In the following, three different approaches to detect executed maintenance actions derived from the longitudinal level in the wavelength range of 3 to 25 m meters are presented. Hereby, the first two algorithms are cross-section based, whereas the third method uses the principle of the cumulative sum of the longitudinal level.
2.1. SEARCH Algorithm
The SEARCH algorithm, first described by Fellinger [
11] and further developed for the aim of this comparison, can be employed to detect unrecorded tamping actions. The decision-making process is based on five conditions, all of which represent possible developments of the standard deviation of the longitudinal level D1. Moreover, the algorithm’s precision can be enhanced by incorporating recorded tamping actions.

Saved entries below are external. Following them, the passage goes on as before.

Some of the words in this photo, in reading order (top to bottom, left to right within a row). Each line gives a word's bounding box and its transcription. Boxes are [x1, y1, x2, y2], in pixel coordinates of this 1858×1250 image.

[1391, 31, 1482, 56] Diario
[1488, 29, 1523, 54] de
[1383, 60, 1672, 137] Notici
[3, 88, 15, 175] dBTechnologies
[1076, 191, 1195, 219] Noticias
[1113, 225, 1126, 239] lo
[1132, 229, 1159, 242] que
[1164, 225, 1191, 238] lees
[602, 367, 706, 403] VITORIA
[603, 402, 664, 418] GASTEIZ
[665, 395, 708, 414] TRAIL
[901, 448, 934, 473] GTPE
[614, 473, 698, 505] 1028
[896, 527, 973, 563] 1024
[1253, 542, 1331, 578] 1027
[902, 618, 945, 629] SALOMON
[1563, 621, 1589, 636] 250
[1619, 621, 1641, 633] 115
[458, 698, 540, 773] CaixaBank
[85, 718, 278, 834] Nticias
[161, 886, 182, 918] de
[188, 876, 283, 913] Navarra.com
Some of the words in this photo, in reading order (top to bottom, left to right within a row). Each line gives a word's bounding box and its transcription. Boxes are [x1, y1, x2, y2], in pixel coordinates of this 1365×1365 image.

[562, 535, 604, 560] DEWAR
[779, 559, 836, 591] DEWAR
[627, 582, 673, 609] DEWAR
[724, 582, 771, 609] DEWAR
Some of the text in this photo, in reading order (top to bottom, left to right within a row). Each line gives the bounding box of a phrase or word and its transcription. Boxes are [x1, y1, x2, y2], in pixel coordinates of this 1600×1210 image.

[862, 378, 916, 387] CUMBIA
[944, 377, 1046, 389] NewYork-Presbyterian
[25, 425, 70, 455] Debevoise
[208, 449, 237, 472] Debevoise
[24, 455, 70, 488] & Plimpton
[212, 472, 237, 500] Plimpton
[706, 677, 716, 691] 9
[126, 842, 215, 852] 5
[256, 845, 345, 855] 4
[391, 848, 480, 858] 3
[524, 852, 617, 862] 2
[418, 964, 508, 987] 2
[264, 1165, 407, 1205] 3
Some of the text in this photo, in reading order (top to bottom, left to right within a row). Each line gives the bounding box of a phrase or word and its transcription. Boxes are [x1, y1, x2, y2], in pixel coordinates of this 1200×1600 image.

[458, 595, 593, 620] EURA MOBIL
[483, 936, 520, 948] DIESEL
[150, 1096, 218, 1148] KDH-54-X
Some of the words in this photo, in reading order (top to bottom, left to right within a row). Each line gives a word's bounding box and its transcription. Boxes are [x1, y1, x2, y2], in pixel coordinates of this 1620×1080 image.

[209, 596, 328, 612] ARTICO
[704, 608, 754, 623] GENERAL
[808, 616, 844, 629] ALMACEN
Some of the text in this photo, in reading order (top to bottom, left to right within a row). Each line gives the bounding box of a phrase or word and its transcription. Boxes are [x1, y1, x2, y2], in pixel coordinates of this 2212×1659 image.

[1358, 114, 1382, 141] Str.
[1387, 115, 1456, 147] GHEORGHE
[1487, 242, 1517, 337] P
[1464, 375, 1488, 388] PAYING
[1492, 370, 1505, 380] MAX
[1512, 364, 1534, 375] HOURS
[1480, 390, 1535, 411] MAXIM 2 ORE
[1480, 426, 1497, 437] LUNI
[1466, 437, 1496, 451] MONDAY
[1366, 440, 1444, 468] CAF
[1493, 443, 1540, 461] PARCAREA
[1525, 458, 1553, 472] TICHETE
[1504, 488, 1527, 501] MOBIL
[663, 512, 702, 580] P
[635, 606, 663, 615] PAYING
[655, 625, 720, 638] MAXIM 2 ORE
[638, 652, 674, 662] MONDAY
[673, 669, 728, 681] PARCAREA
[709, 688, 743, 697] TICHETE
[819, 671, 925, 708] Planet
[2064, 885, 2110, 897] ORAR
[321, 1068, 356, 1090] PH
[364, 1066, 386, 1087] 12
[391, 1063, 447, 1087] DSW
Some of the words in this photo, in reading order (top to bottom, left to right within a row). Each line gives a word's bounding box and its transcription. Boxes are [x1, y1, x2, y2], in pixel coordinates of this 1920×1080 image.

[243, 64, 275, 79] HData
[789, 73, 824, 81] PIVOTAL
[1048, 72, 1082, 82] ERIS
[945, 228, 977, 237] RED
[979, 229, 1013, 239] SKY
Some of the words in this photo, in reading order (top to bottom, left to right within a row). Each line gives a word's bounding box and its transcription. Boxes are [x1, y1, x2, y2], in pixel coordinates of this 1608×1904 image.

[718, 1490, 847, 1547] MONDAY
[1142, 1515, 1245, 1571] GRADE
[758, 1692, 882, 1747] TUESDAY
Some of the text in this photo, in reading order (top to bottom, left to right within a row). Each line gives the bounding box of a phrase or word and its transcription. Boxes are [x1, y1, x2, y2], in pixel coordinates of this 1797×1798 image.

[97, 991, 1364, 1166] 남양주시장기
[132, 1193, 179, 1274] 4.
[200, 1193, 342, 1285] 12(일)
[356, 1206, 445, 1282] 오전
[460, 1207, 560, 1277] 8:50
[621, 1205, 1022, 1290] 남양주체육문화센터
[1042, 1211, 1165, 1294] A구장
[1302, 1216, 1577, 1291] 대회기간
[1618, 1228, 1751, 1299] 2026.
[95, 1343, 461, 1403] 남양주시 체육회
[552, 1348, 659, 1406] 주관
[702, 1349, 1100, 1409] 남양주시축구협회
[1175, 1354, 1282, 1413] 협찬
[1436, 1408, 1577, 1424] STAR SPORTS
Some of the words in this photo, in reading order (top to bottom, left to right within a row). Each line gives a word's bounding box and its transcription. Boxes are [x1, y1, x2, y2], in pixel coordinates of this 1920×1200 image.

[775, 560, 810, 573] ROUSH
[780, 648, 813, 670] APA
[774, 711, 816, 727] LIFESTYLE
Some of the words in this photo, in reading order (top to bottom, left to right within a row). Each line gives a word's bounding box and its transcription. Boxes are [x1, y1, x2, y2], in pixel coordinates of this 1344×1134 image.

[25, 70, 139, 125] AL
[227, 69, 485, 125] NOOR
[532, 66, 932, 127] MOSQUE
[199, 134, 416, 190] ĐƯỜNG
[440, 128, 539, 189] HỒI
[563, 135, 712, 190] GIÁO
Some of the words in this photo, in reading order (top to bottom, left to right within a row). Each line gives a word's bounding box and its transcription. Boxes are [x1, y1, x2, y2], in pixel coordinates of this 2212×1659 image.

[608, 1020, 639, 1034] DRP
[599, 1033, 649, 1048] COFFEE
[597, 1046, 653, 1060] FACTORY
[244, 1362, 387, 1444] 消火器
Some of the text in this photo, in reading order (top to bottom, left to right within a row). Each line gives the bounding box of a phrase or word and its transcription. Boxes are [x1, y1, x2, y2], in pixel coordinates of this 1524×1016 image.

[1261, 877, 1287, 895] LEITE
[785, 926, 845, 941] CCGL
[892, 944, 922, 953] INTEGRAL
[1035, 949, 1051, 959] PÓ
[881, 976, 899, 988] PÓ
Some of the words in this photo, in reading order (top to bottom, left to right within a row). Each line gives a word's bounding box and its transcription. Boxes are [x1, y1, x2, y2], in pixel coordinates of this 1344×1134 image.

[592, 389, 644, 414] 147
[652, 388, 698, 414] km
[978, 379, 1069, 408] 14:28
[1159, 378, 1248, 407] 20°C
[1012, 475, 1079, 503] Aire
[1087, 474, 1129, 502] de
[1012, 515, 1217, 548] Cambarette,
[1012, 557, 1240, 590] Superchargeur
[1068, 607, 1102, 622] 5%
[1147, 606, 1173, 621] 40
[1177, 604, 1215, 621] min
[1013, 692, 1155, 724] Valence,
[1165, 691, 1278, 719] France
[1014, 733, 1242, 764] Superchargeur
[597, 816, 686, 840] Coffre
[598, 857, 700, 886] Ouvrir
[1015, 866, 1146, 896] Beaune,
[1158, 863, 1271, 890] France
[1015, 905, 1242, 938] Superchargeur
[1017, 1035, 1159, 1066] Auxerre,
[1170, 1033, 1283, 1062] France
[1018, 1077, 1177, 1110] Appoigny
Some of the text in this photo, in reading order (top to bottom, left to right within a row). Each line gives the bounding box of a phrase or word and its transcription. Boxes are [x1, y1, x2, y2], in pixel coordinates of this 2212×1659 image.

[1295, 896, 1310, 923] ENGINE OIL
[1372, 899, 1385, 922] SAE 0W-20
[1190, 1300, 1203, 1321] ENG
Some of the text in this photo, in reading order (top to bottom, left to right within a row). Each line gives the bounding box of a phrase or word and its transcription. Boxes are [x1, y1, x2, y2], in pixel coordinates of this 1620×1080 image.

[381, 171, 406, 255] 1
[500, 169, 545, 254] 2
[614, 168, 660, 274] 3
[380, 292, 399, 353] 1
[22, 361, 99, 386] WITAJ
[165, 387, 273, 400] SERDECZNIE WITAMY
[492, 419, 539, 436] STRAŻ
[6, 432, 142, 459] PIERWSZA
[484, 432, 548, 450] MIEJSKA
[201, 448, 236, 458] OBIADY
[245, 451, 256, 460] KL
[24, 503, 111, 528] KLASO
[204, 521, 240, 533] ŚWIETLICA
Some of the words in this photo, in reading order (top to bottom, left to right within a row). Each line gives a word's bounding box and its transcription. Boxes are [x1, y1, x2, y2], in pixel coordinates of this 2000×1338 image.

Basically, the SEARCH algorithm operates on a cross-sectional basis and can be implemented across the entire line by iterating over each cross-section. For every cross section, a loop is executed, whereby a new measurement point, including its corresponding date, is appended to a temporary data set in each iteration. Subsequently, the five conditions, presented in the following in numerical order, are checked to ascertain whether a tamping action may have occurred. If this is the case, the proposed date of the action is saved. The date is calculated via the mean of the measurement dates before and after the predicted maintenance. Furthermore, all data points before the predicted maintenance are deleted from the temporary data set. In the event that no condition is fulfilled, or the temporary dataset is cleared, a new point is added to said dataset. The loop is continued until the latest measurement is added to the temporary dataset and has been evaluated.
2.1.1. Condition/Rule 1
The application of Rule 1 is limited to cases where the temporary dataset comprises precisely two measurement points. In the event that the second measurement point exhibits a lower quality and a higher value than the first, no action is required, given that it is reasonable to expect a decline in track quality over time. Conversely, if the quality of the initial measurement exceeds the quality of the subsequent measurement by a defined value, a tamping action is identified. The threshold value is set at 0.25 mm, which allows for the reasonable assumption that a significant improvement can be attributed to track work and not to an issue with the data or other influences. Rule 1, like Rules 2–4, is illustrated graphically in
Figure 2.
2.1.2. Condition/Rule 2
Rule 2 is applied to a dataset comprising three to five data points. All data points, with the exception of the final one, are employed in the calculation of a linear regression, which is subsequently utilized to forecast the value of the last point. In the event that the final point exhibits a quality improvement of greater than 0.25 mm relative to the prediction, and the subsequent measurement point also demonstrates a quality enhancement of at least 0.1 mm in comparison to the same prediction, a tamping action is identified in advance of the last point of the provisional dataset. Incorporating the subsequent data point serves to reduce the probability of an outlier being erroneously identified as maintenance work.
2.1.3. Condition/Rule 3
The third rule can only be applied if a tamping action has been identified and the initial two data points of the provisional dataset have not fulfilled any of the specified conditions. The initial data point of the provisional set will be excluded if three conditions are met:
The absolute increase in quality from temporary point 1 to temporary point 2 is greater than the absolute quality increase from the final point in the preceding deterioration branch to temporary point 1.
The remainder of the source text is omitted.